Work to complete:
Please set down each record exactly as it appears, but leave out any pictures.

+++ Material to process

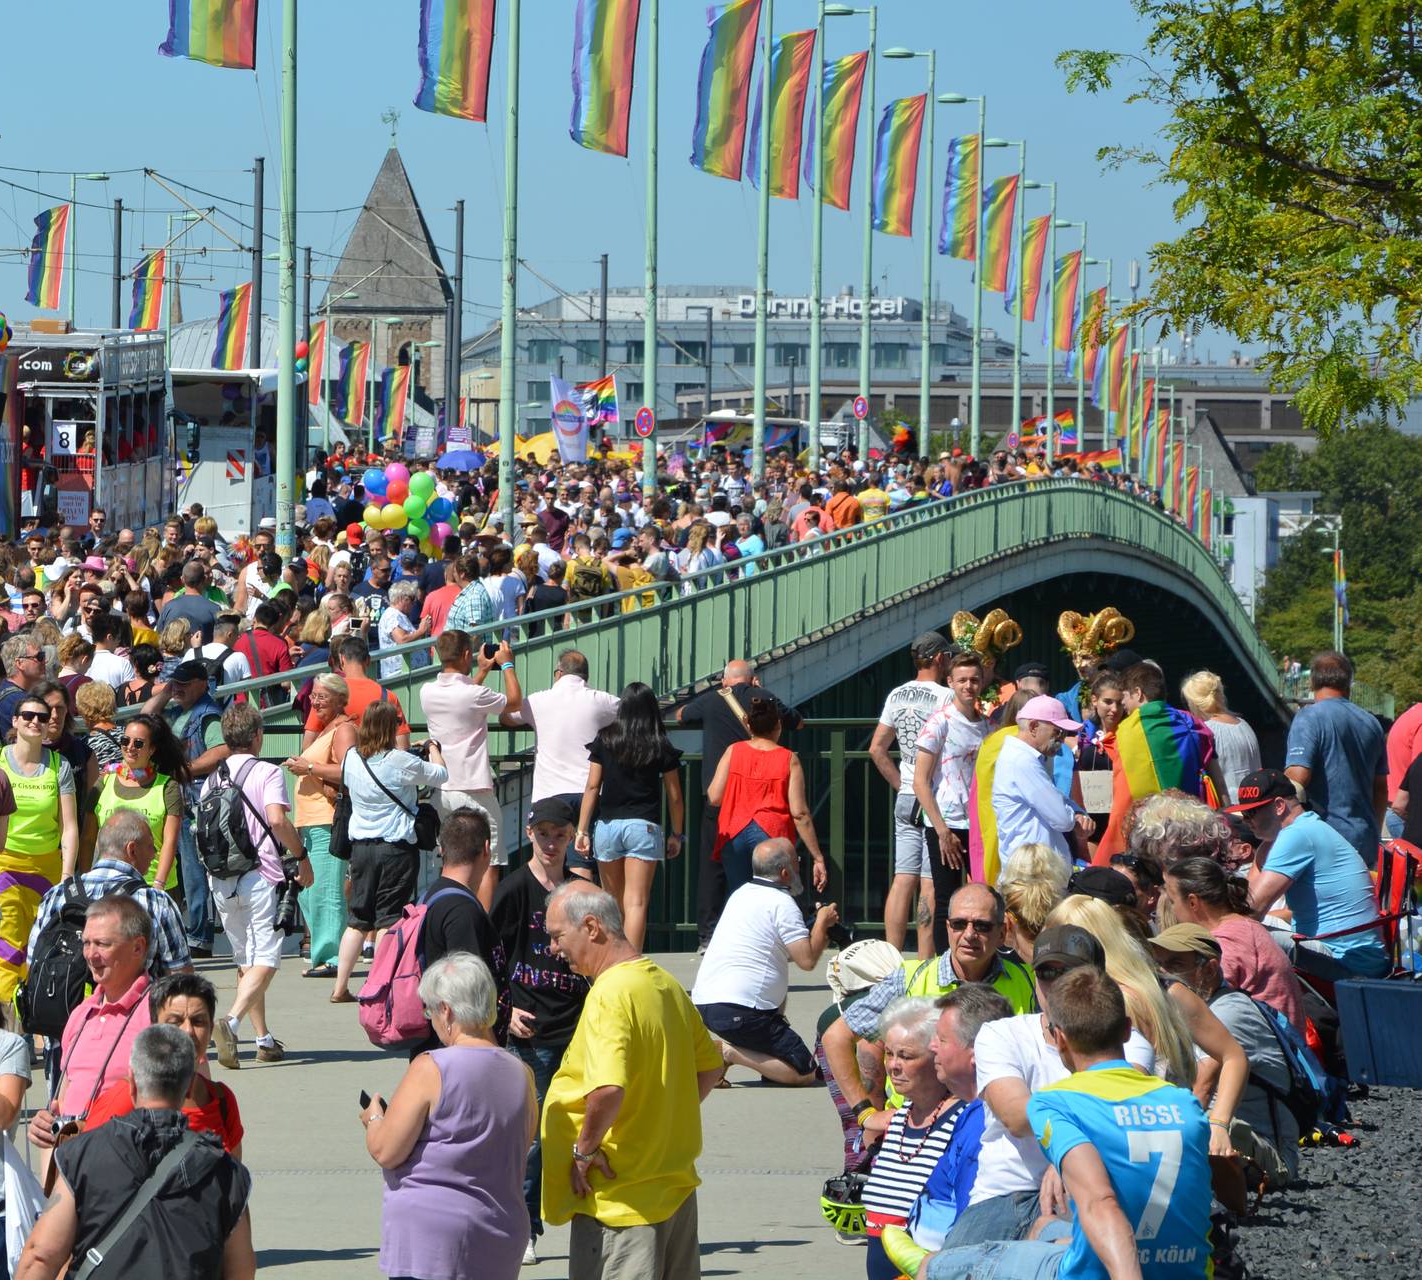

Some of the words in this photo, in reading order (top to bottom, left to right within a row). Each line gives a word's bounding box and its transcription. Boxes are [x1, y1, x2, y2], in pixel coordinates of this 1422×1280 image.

[59, 431, 70, 449] 8
[1113, 1103, 1186, 1127] RISSE
[1127, 1130, 1184, 1241] 7
[1155, 1245, 1197, 1264] KÖLN

++++++

Response to the exercise:
Some of the words in this photo, in reading order (top to bottom, left to right within a row). Each line gives a word's bounding box and its transcription. Boxes are [x1, y1, x2, y2], in pixel coordinates of this 1422×1280 image.

[59, 431, 70, 449] 8
[1113, 1103, 1186, 1127] RISSE
[1127, 1130, 1184, 1241] 7
[1155, 1245, 1197, 1264] KÖLN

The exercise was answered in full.